The following information is provided to assist the reader to understand the invention disclosed below and the environment in which it will typically be used. The terms used herein are not intended to be limited to any particular narrow interpretation unless clearly stated otherwise in this document. References set forth herein may facilitate understanding of the present invention or the background of the present invention. The disclosures of all references cited herein are incorporated by reference.

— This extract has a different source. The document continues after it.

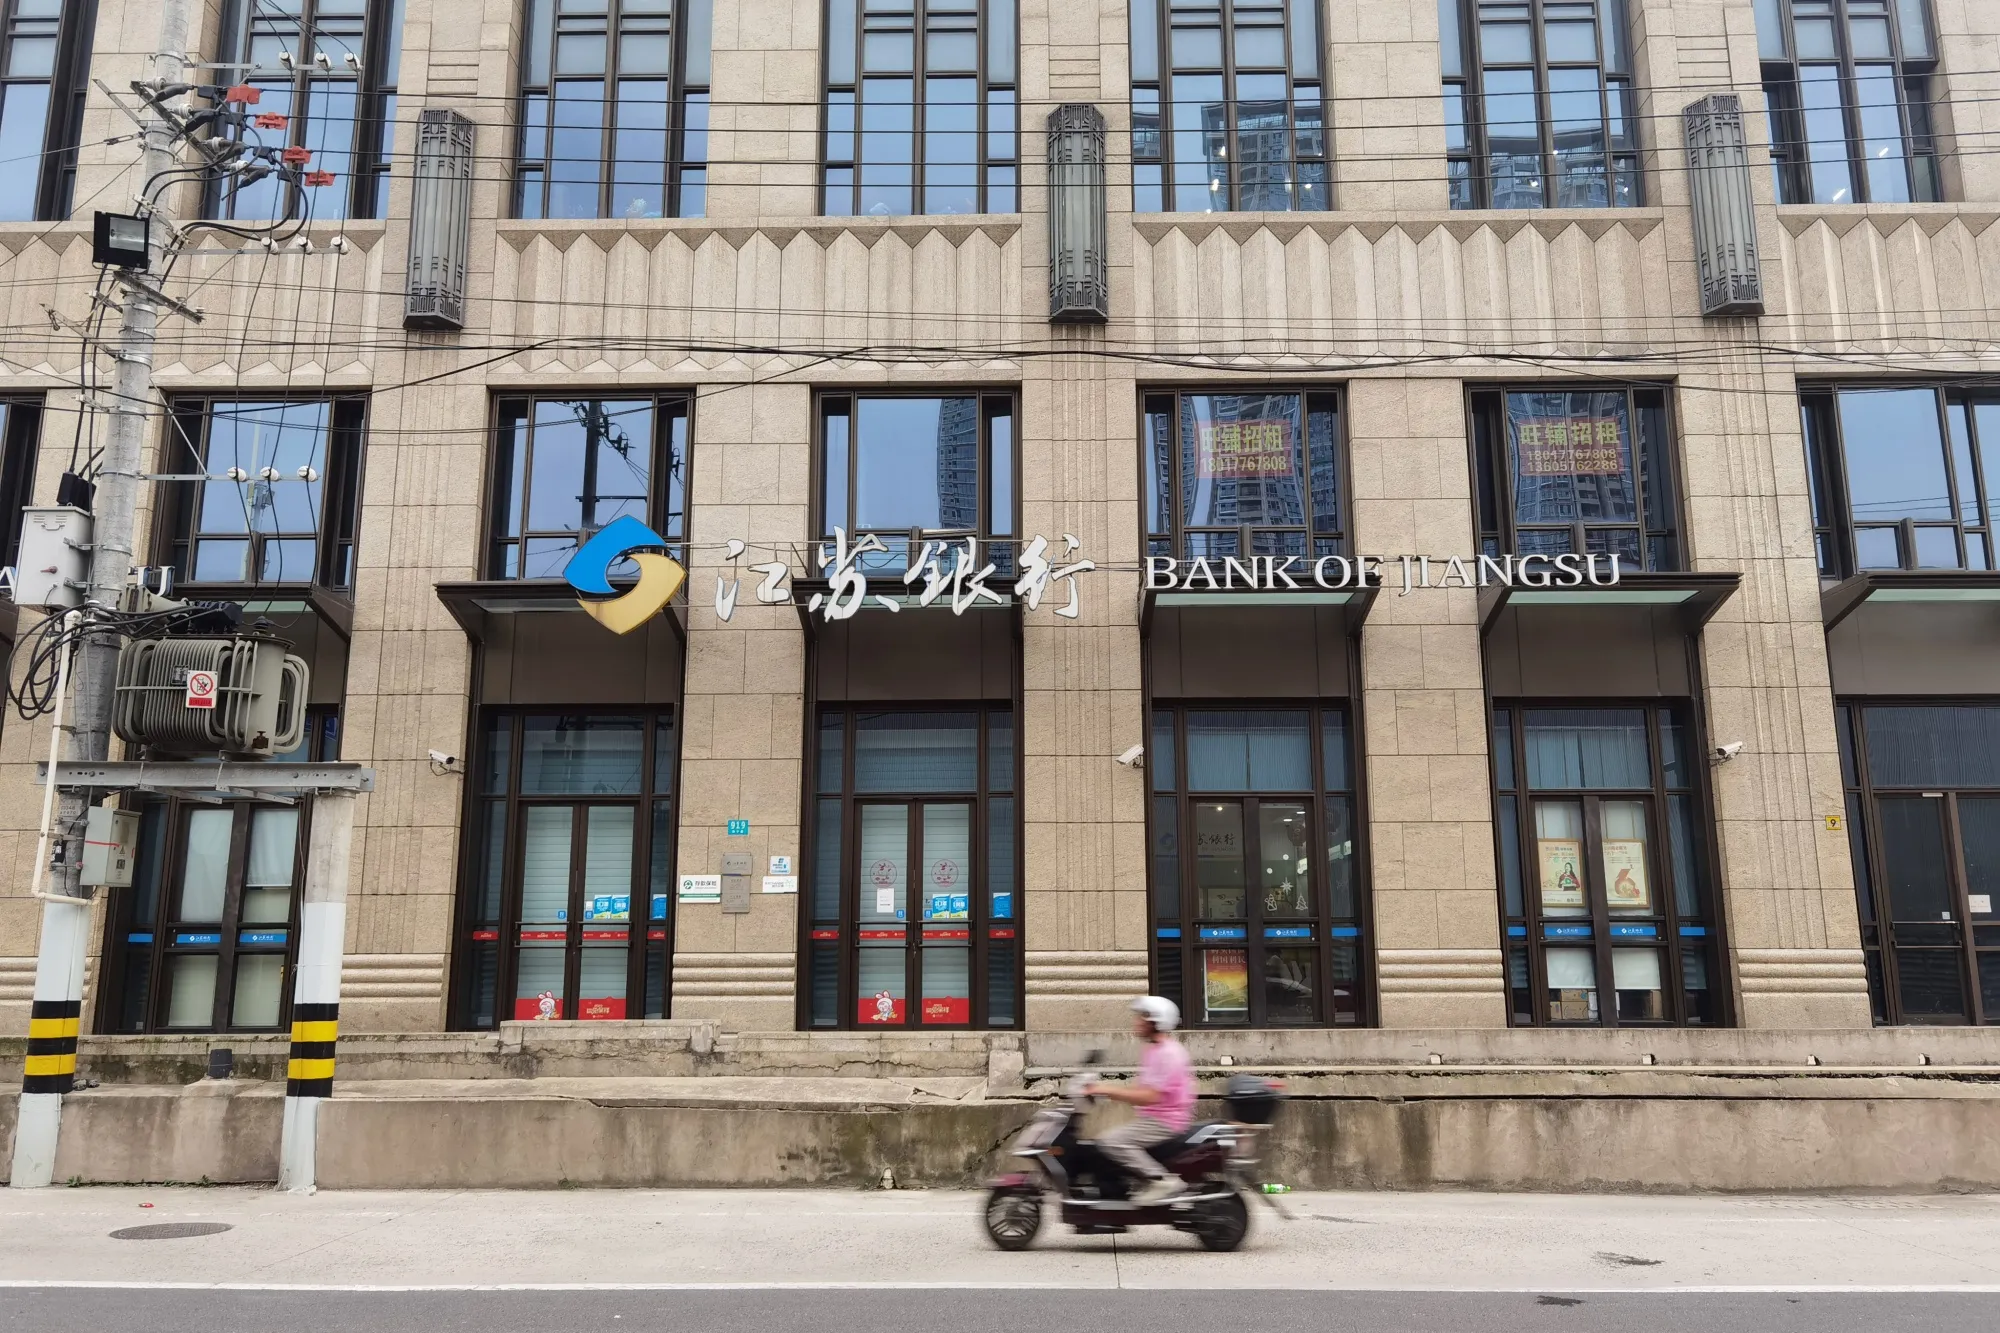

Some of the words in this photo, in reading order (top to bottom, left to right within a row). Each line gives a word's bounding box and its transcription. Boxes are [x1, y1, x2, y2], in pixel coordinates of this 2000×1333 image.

The treatment of disease by the injection of living cells into a body is expanding rapidly. There are many types of cells being used to treat an equally diverse set of diseases, and both types of cells and disease conditions are expanding rapidly. Xenogeneic cell therapies involve implantation of cells from one species into another. Allogeneic cell therapies involve implantation from one individual of a species into another individual of the same species. Autologous cell therapies involve implantation of cells from one individual into the same individual. Cell components can also have a beneficial effect on the body in selected instances. Any of the above therapies are examples of approaches that can be delivered with the systems and methods of this invention.
Deleterious effects of flow of cells through fluid paths are not well addressed in many current fluid paths. For example, standard luer connectors are used almost universally in the current medical practice, including in fluid paths for cell delivery. An example of a standard luer connector 1 is shown in FIGS. 1A through 1C. FIG. 1C is taken from the standard ISO 594-1-1986, FIG. 2. As the tapered sections of the male 1a and female 1b connectors mate, a dead space is created as indicated by 1c. In addition, the sharp transition in the fluid path at the end of the male luer, as indicated at 1d, can create turbulence and increase shear stress in the fluid and on the cells, resulting in cell damage or even death. Moreover, similar problems exist in commonly used fluid path elements other than luer-type connectors.
It is desirable to develop improved fluid path assemblies that reduce or eliminate the above and/or other problems associated with currently available fluid path assemblies.